With Kweb’s routing mechanism you get this automatically.

A simple example

import io.kweb.Kweb
import io.kweb.dom.element.new
import io.kweb.dom.element.creation.tags.h1
import io.kweb.routing.route

fun main() {
    Kweb(port = 16097) {
        doc.body.new {
            route {
                path("/users/{userId}") { params ->
                    val userId = params.getValue("userId")
                    h1().text(userId.map { "User id: $it" })
                }
                path("/lists/{listId}") { params ->
                    val listId = params.getValue("listId")
                    h1().text(listId.map { "List id: $it" })
                }
            }
        }
    }
}

Now, if you visit http://localhost:16097/users/997, you will see:

<h1>User id: 997</h1>

You can have as many path()s as you need, each with it’s own path definition. The definition can contain parameters wrapped in {braces}.

The value of these parameters can then be retrieved from the params map, but note that the values are wrapped in a KVar<String> object. This means that you can use all of Kweb’s state management features to render parts of the DOM using this value.

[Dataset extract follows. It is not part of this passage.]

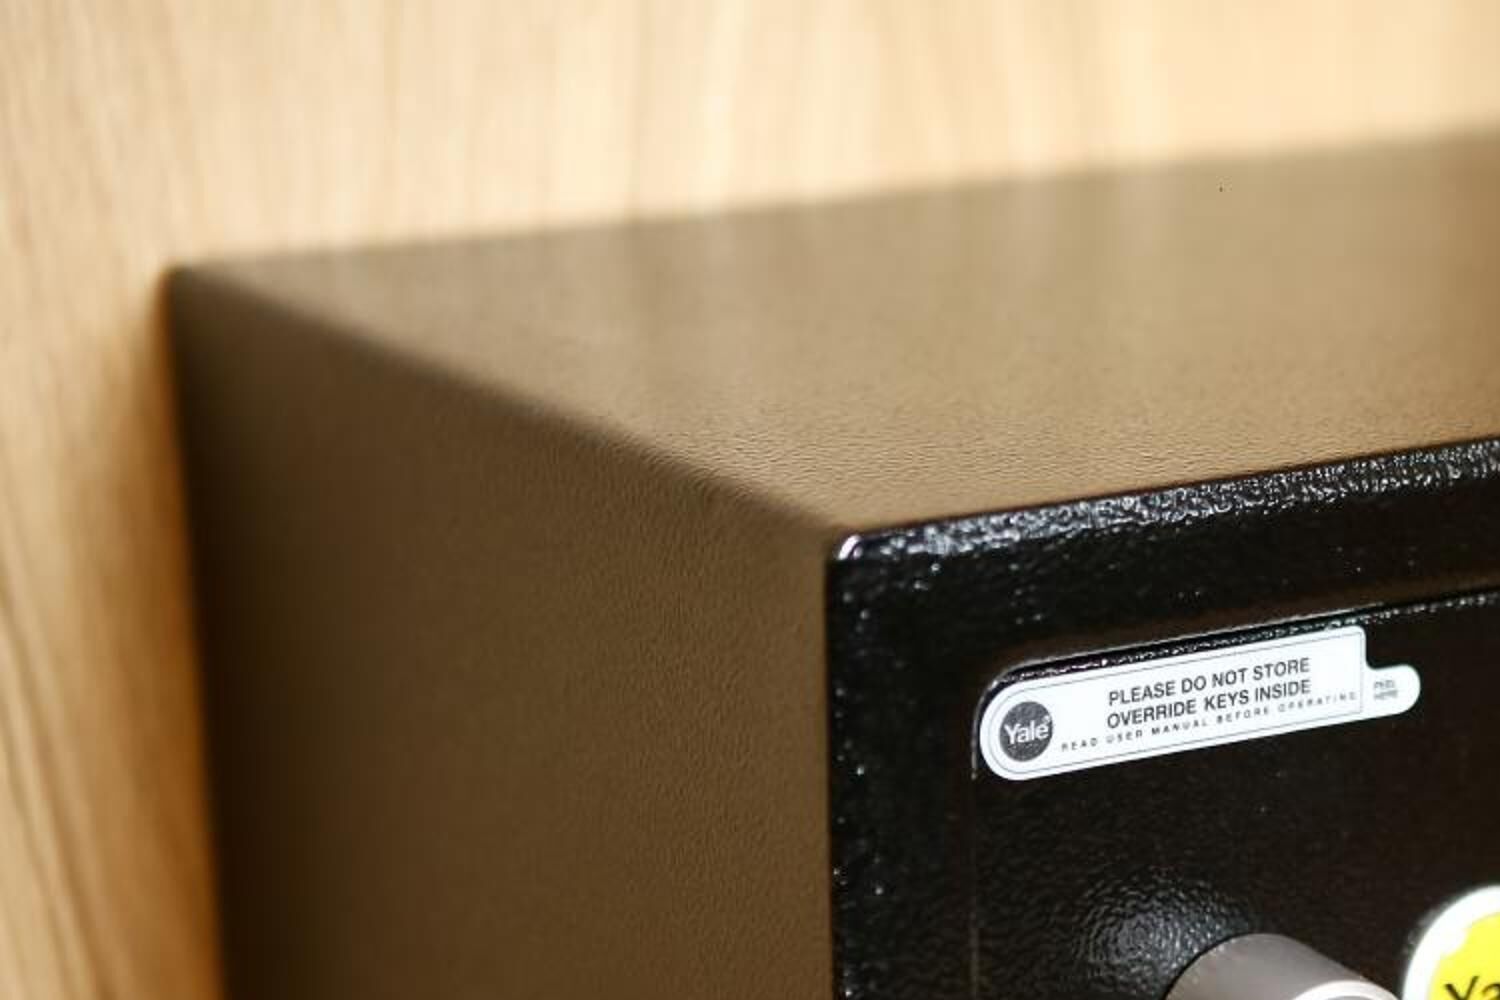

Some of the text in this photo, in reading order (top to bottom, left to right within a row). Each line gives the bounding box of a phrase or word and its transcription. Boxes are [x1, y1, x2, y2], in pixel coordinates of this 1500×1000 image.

The key advantage here is that if the URL changes the page can be updated without a full page refresh, but rather only changing the parts of the DOM that need to change - this is much faster and more efficient.

Handing 404s

You can override the default 404 Page Not Found message in the event that none of the routes match, making it easy to integrate the 404 page with the style of your overall website:

route {
    path("/users/{userId}") { params ->
        // ...
    }
    notFound {
      h1().text("Page not found!")
    }
}

Modifying the URL

You can obtain and modify the URL of the current page using url(simpleUrlParser) within the Kweb {block}. This returns a KVar<URL > which you can use to read and modify the page URL:

import io.kweb.Kweb
import io.kweb.dom.element.creation.tags.a
import io.kweb.dom.element.new
import io.kweb.routing.route
import io.kweb.state.*

fun main() {
    Kweb(port = 16097) {
        doc.body.new {
            val path = url(simpleUrlParser).path
            route {
                path("/") {
                    path.value = "/number/1"
                }
                path("/number/{num}") { params ->
                    val num = params.getValue("num").toInt()
                    a().text(num.map {"Number $it"}).on.click {
                        path.value = "/number/${num.value + 1}"
                    }
                }
            }
        }
    }
}

If you visit http://localhost:16097/ the URL will immediately update to http://localhost:16097/number/1 without a page refresh, and you’ll see a hyperlink with text “Number 1”. If you click on this link you’ll see that the number increments (both in the URL and in the link text), also without a page refresh.

An even more elegant approach that would also work would be to replace:

path.value = "/number/${num.value + 1}"

…with…

num.value++

This would have the exact same effect because the KVars always work bidirectionally, so can be used both to read and modify that part of the page URL, resulting in an automatic re-render of the necessary DOM elements.